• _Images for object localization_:
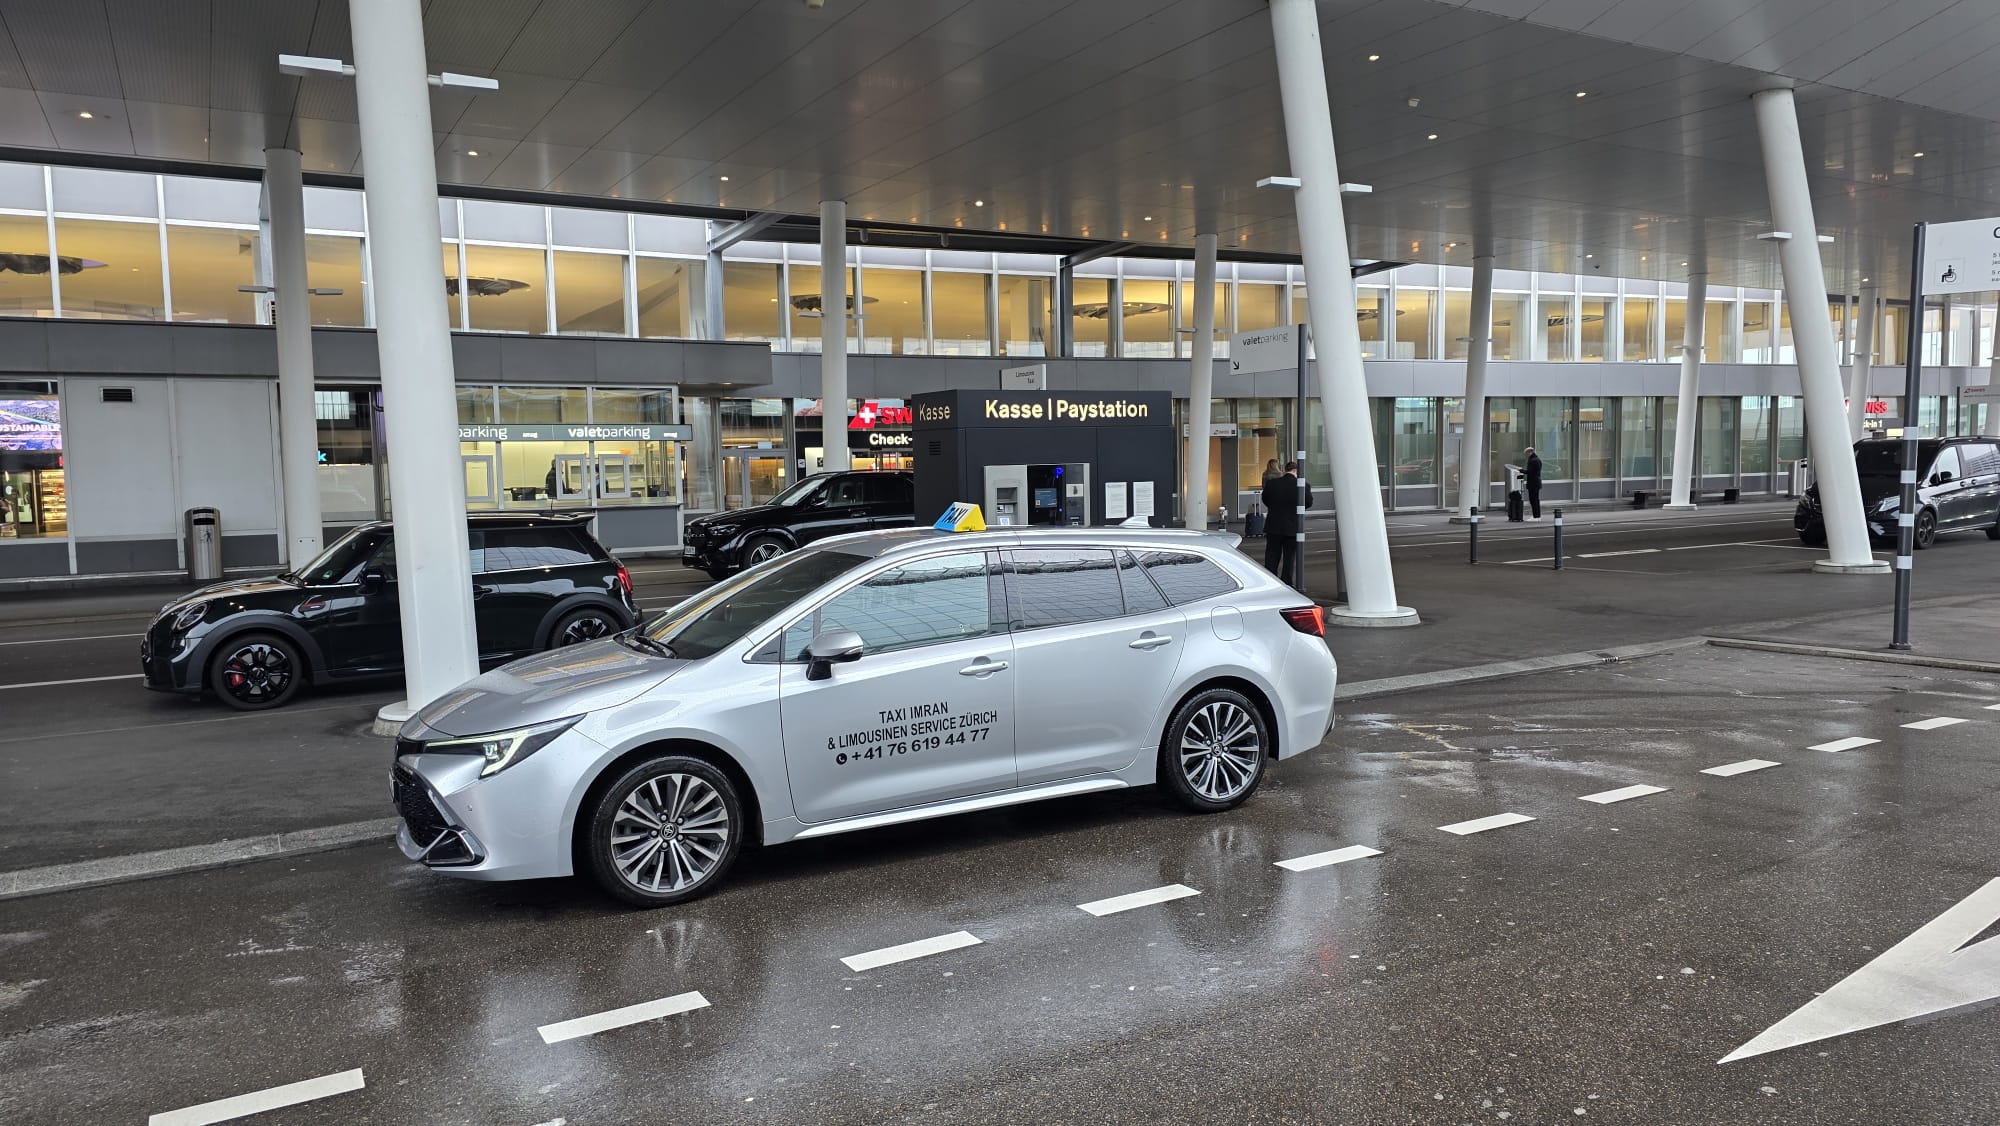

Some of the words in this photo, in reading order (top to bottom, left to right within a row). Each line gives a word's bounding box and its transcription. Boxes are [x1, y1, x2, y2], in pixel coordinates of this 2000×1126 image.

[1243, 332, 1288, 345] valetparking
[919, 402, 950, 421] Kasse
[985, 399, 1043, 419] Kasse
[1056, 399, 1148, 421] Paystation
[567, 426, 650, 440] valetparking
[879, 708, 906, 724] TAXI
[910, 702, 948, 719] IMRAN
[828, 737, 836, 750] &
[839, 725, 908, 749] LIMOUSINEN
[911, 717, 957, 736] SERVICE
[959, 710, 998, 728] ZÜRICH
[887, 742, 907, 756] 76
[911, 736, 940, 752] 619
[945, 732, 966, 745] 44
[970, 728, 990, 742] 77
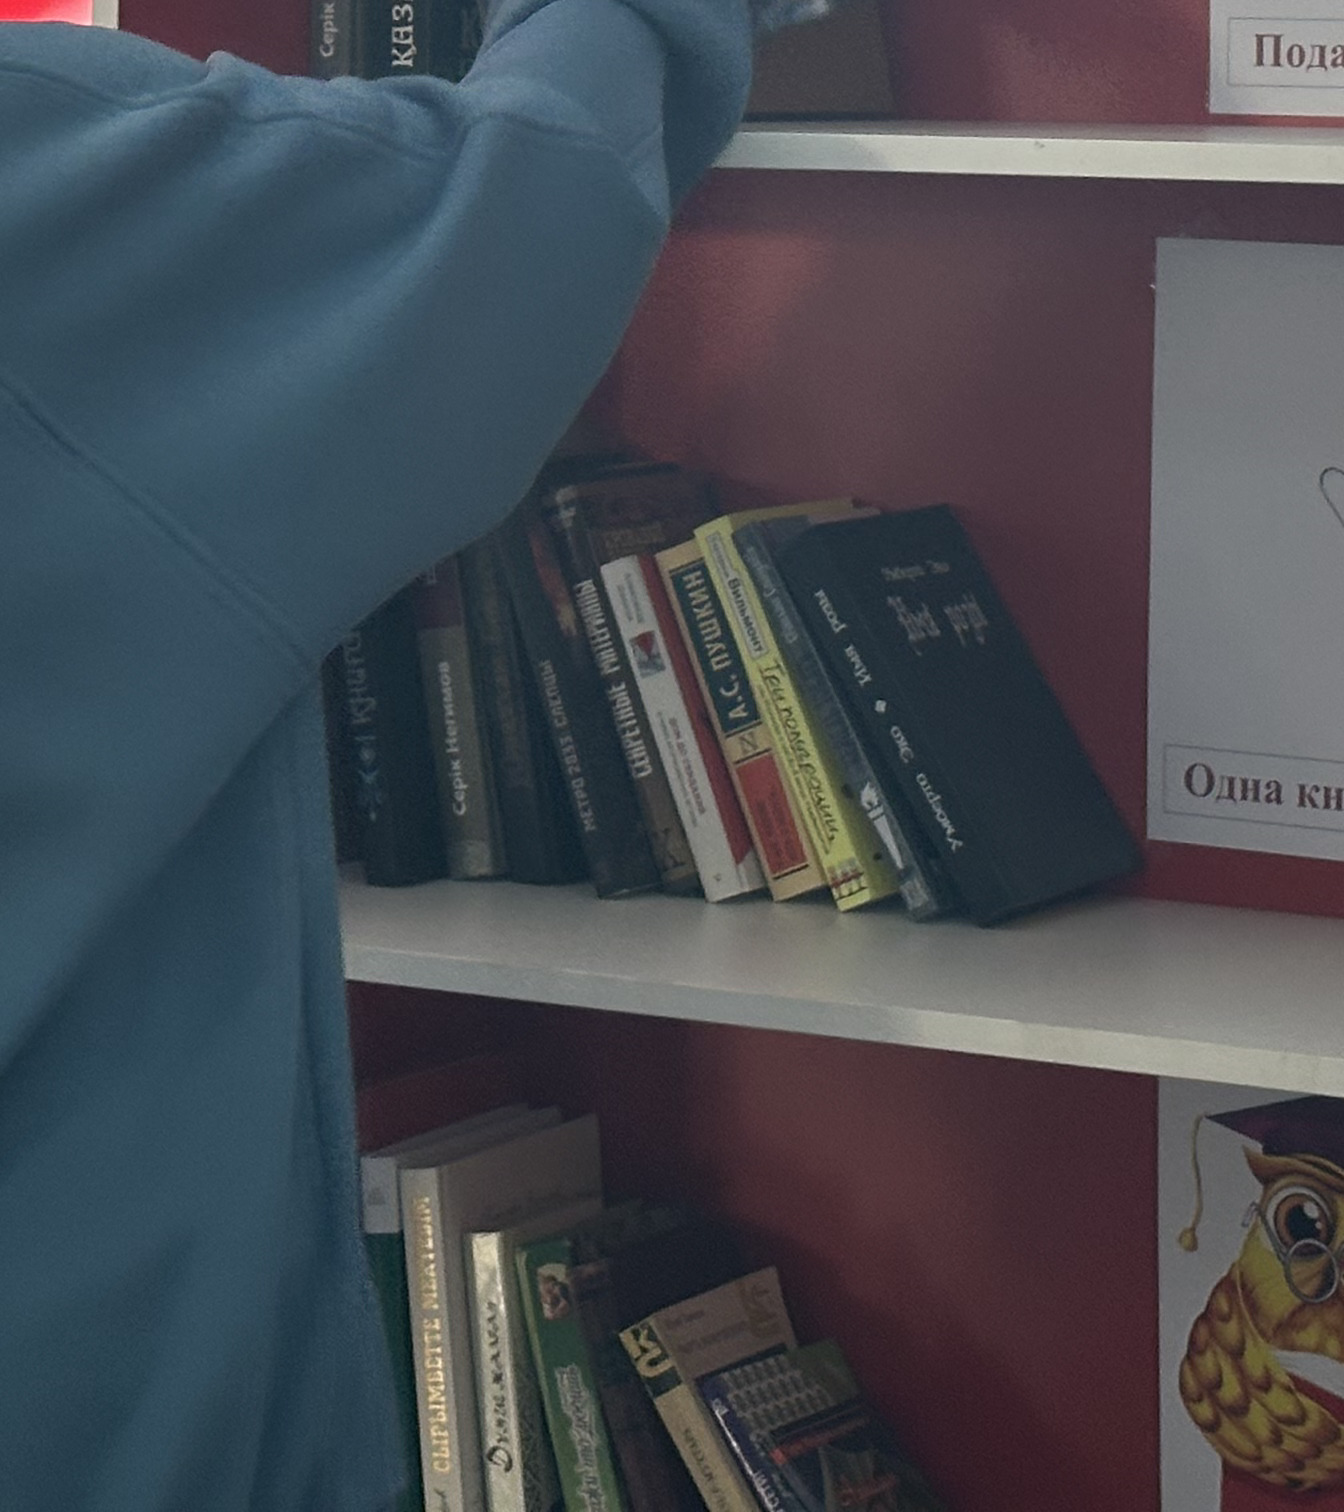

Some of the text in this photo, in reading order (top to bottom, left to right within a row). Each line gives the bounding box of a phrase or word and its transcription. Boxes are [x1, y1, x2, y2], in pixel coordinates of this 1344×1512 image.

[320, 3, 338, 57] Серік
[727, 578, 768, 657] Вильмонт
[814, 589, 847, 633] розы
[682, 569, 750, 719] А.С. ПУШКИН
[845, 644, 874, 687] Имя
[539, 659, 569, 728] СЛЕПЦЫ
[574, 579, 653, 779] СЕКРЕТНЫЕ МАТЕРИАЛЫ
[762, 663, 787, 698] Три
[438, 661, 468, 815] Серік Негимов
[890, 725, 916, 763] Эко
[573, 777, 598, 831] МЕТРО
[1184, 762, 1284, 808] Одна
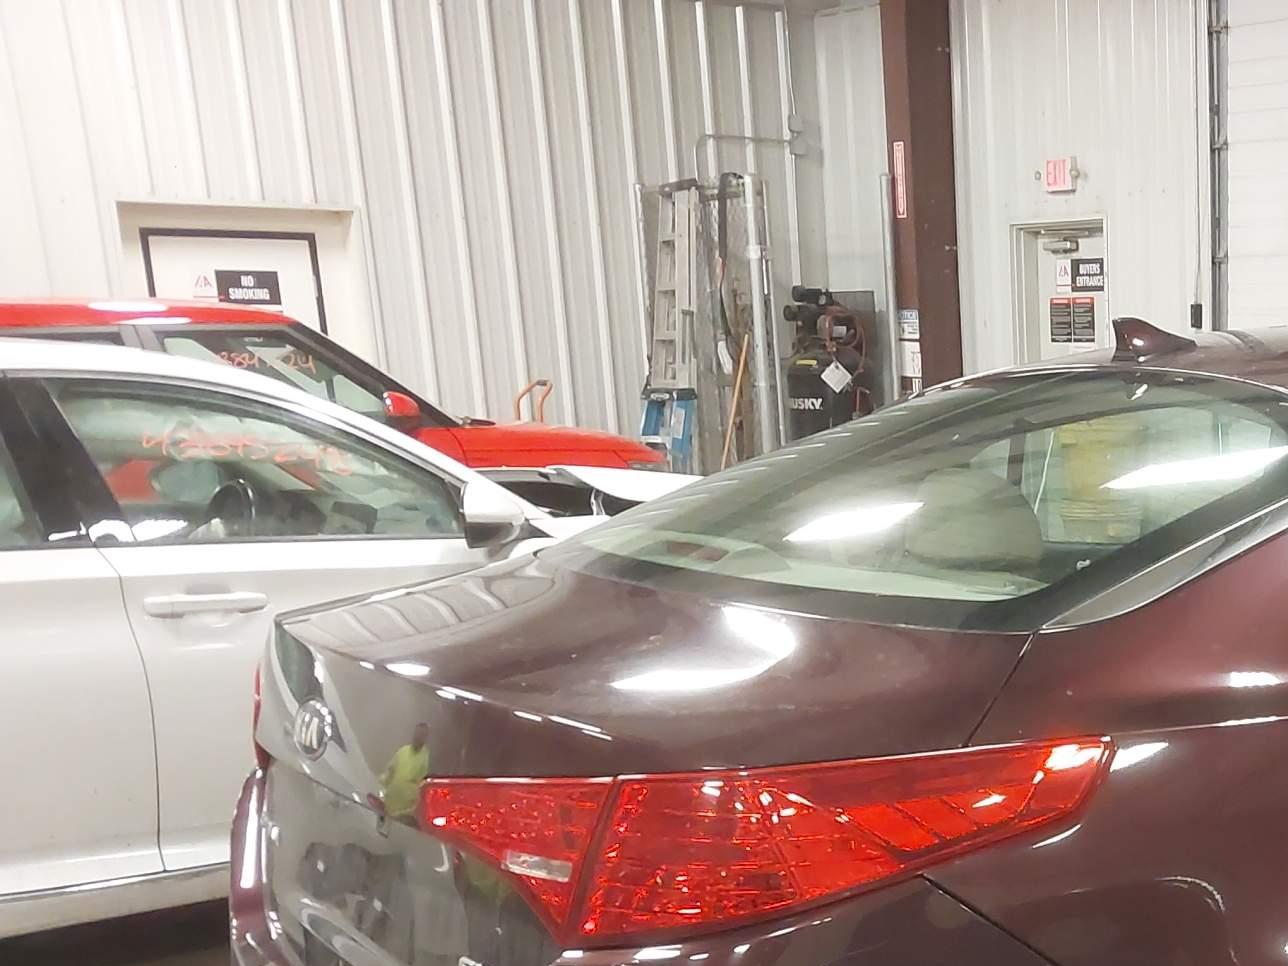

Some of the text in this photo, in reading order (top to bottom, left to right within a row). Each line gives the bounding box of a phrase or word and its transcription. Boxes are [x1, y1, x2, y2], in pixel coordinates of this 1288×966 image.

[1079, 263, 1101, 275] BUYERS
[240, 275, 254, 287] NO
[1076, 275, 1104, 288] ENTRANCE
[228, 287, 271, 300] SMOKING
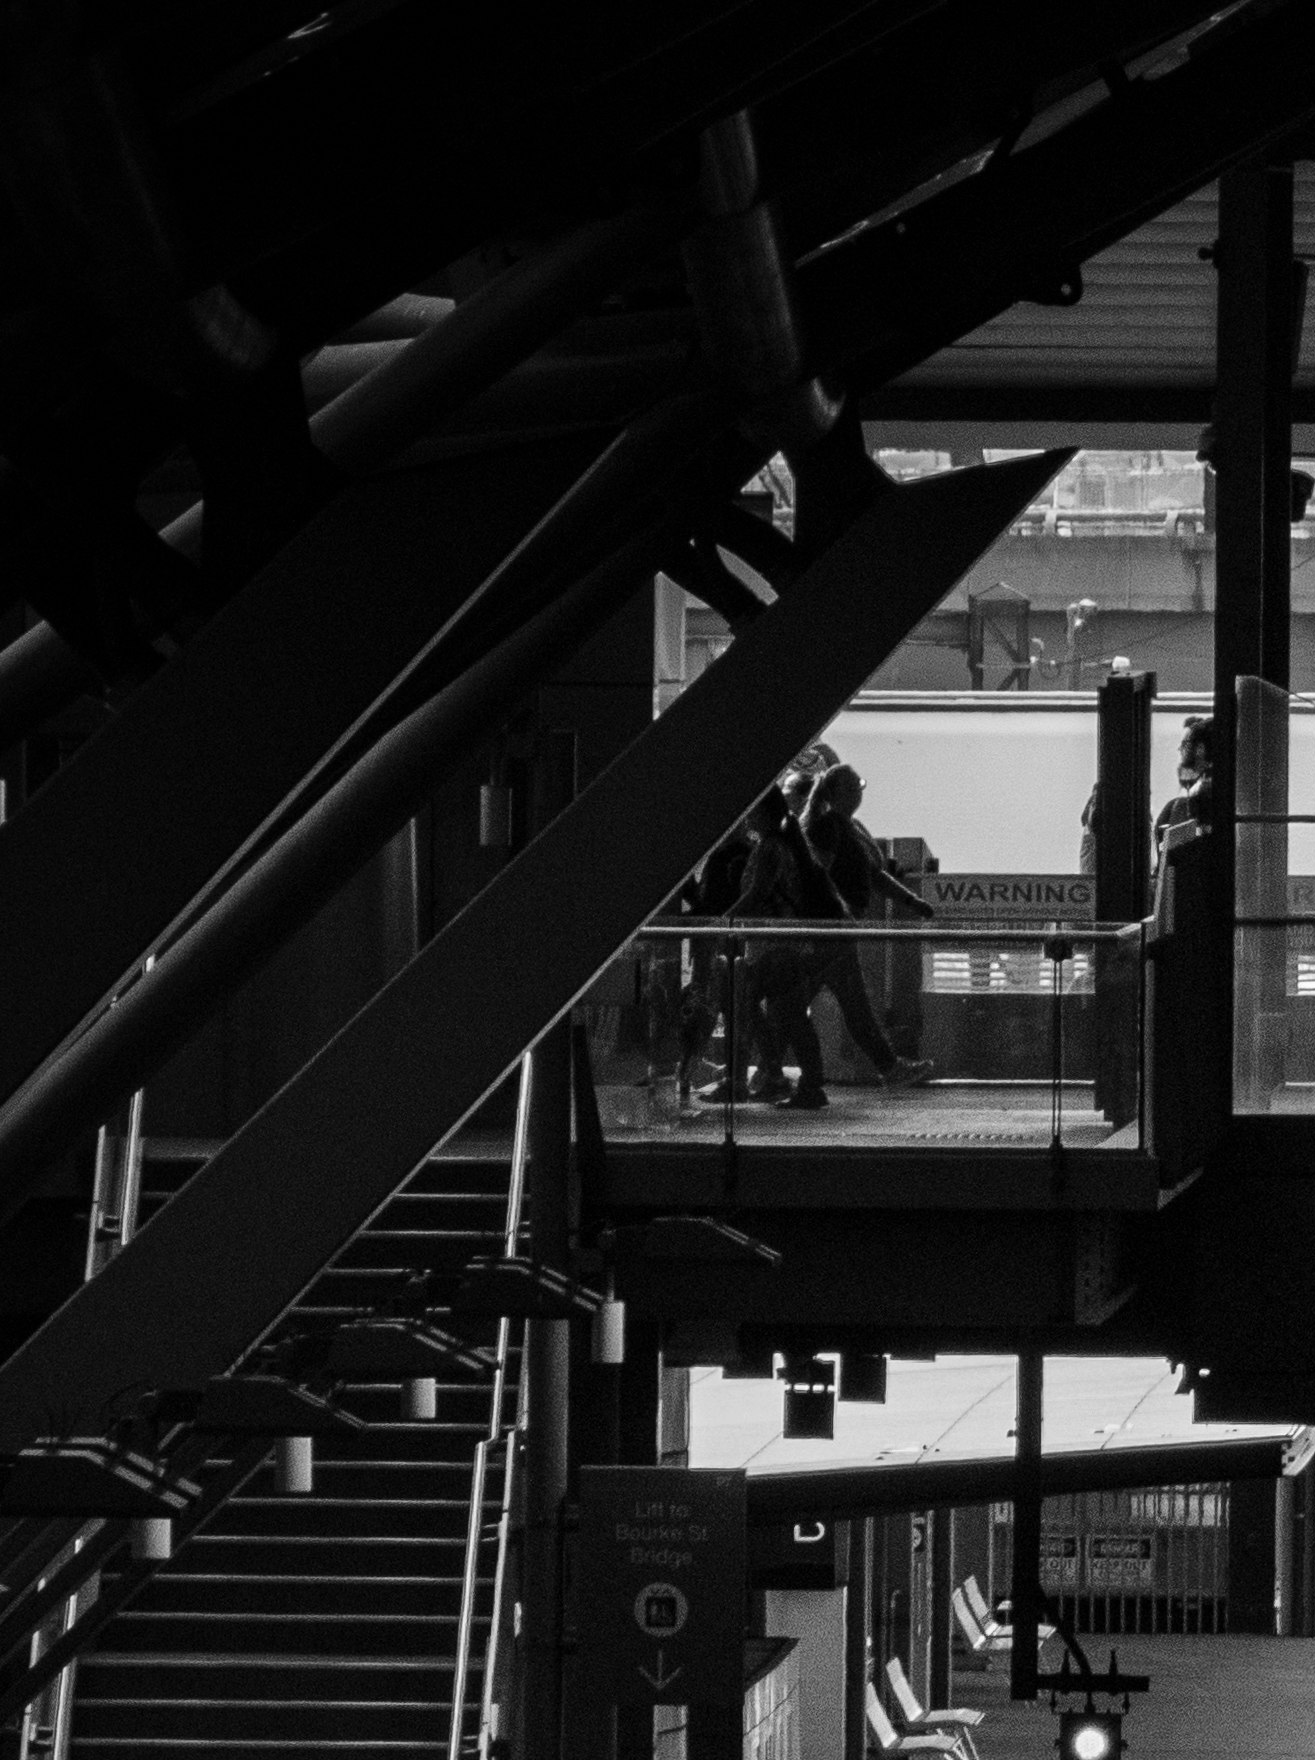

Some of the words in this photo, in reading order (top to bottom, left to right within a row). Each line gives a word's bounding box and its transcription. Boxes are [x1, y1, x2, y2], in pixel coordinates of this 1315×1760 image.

• _Your objective_:
All lines from the line with "this 1288×966 image." through the final line of the data, both included, are to be repeated exactly; no other lines and no pictures.

• _Your response_:
Some of the text in this photo, in reading order (top to bottom, left to right within a row). Each line gives the bounding box of a phrase or word and its transcription. Boxes are [x1, y1, x2, y2], in pixel coordinates of this 1288×966 image.

[1079, 263, 1101, 275] BUYERS
[240, 275, 254, 287] NO
[1076, 275, 1104, 288] ENTRANCE
[228, 287, 271, 300] SMOKING

Some of the words in this photo, in reading order (top to bottom, left to right within a row). Each line gives a word's bounding box and its transcription. Boxes are [x1, y1, x2, y2], in pixel coordinates of this 1315×1760 image.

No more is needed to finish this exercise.